2025 yılına girerken bizim ihtiyacımız olan tek şey, Tecer’in sözünü dinleyip Yunus Emre’yi, Karacaoğlan’ı, Âşık Veysel’i, velhasıl Anadolu’yu ve köyümüzü yeniden keşfetmemizdir. O zaman işimizi, geleneğimizle bütünleşmiş bir ruhla daha da yükseltecek güce kavuşacağız. O zaman sahip olduğumuz toprağın kıymetini bileceğiz.
2024 yılını geride bırakırken, uzmanlar 2025 yılının ekonomi için çok önemli, hatta zor bir yıl olacağını söylüyorlar. Hâlbuki Tecer de, rakamlar da bize başka bir şeyi işaret ediyor: Ekonominin geleceğini etkileyecek enflasyonla mücadelede elimizi güçlendirecek en önemli araç, gıda enflasyonunu ortadan kaldırmaktır. Üretimde, istihdamda ve ihracatta bize yeni bir pencere açacak olan gıda ve tarım sektörüne dört elle sarılmaktır.

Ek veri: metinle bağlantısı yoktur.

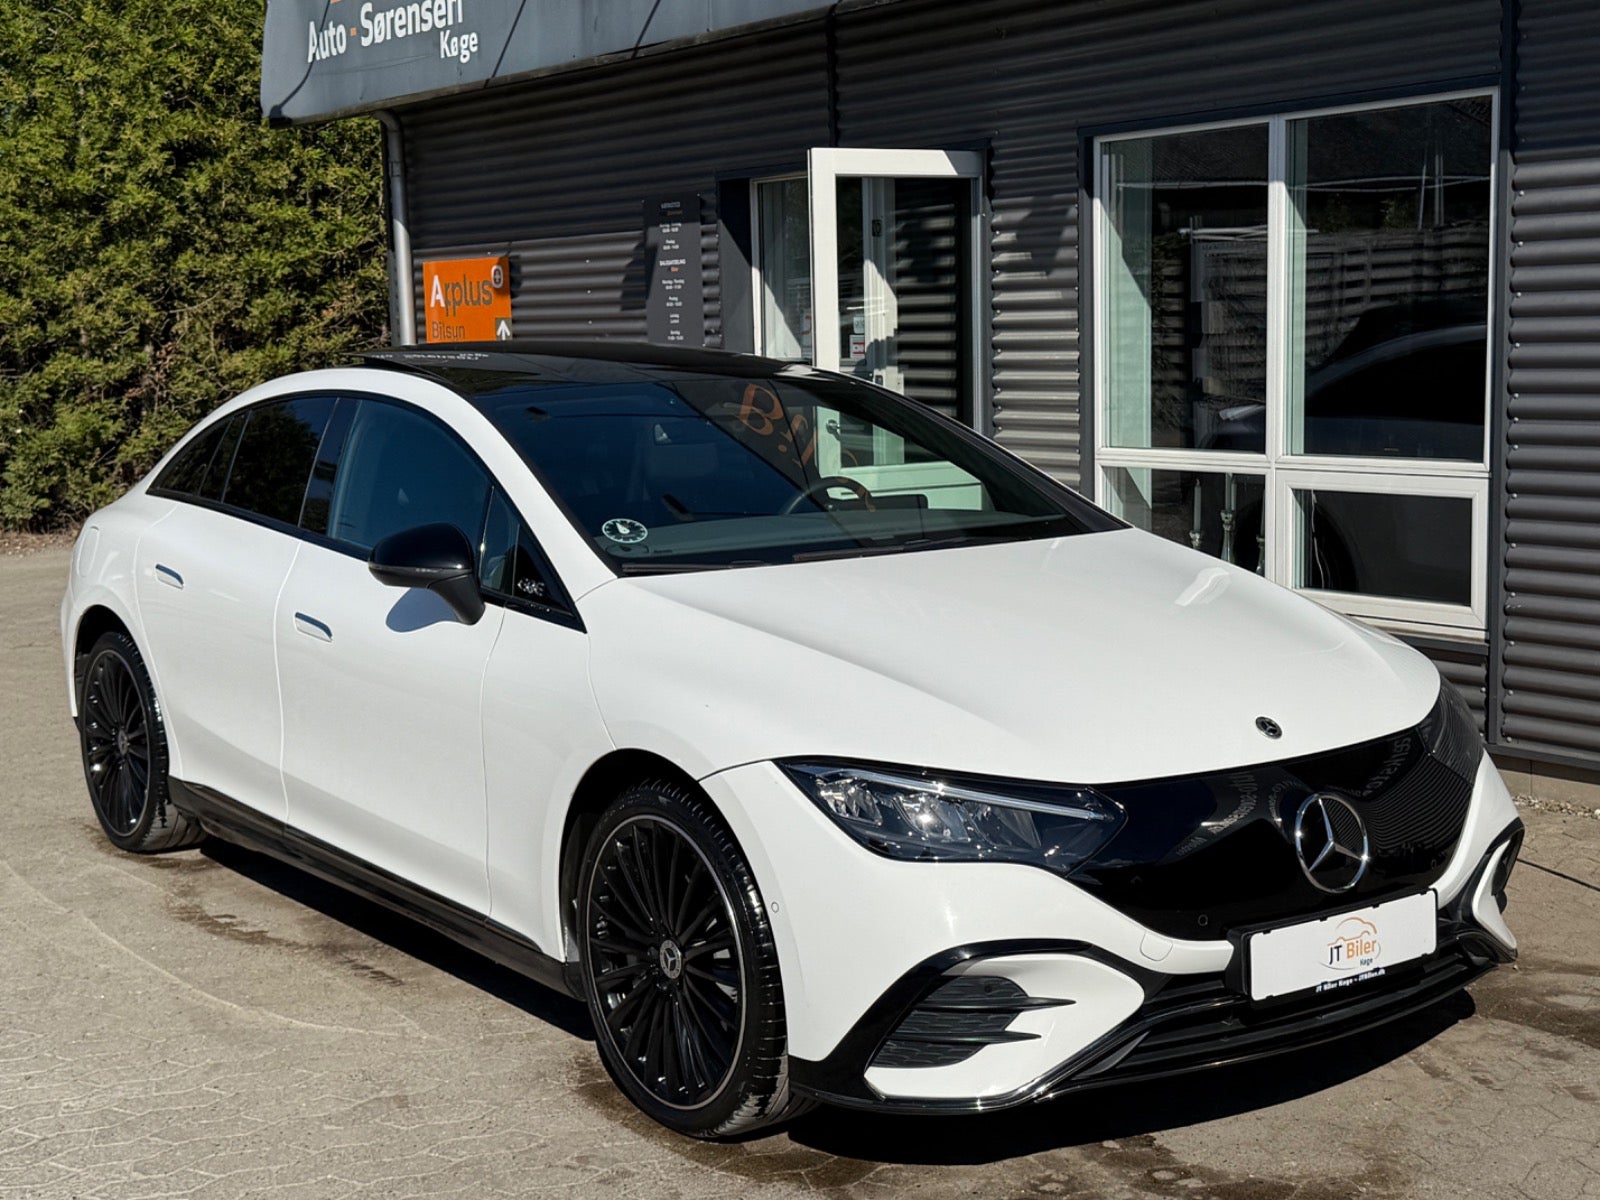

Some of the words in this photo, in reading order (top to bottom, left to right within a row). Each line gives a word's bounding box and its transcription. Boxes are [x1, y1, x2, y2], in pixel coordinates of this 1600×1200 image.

[307, 21, 347, 63] Auto
[360, 0, 463, 47] Sørensen
[440, 31, 478, 63] Køge
[1346, 939, 1377, 959] Biler

O halde hepimiz bir kez daha fark etmeliyiz ki, 2025 yılını zor bir yıl olmaktan çıkartacak olan tek şey, gıda sektöründeki başarımız olacaktır. Bu sektörün paydaşları olarak biz ne kadar teknolojik üretime odaklanırsak, ne kadar ürünlerimizin niteliğini ve katma değerini artırırsak, ne kadar yeni pazarlara ulaşırsak, ne kadar topraklarımızın kıymetini bilip bilinçli ekim-dikim yaparsak, ne kadar Allah’ın bize bahşettiği imkânları hakkıyla kullanırsak o kadar 2025 yılı ve geleceğimiz aydınlık olacak; hiç kimsenin şüphesi olmasın ki, o kadar Türkiye ekonomisinin lokomotifi, bir kez daha çağın şartlarına adapte olmayı başarmış tarım ve gıda olacak.
Bunu başardığımızda gelişmiş ülkelerin tarımsal ürünlerde de hammadde kaynağı olup ihraç ettiğimiz mahsulün işlenmiş ürünlerinin pazarı olmaktan çıkacağız.
Sözün özü: 2025’in nasıl olacağı, bizim, Türk girişimcisi, Türk çiftçisi, Türk taciri olarak nasıl olacağımıza bağlı... Köyümüzü, “küresel köycüler”e teslim etmeye razı olmayıp Türkün gücü olan bir obaya, bir Türk köyüne çevirmemize bağlı… Hz. Ali Efendimizin buyurduğu gibi, “Gözü olana sabah ışımıştır.”
Yeter ki bir çift gözümüz, o gözlere ferini verecek “vatan sevdasının tarladan başladığına” iman eden bir yüreğimiz olsun…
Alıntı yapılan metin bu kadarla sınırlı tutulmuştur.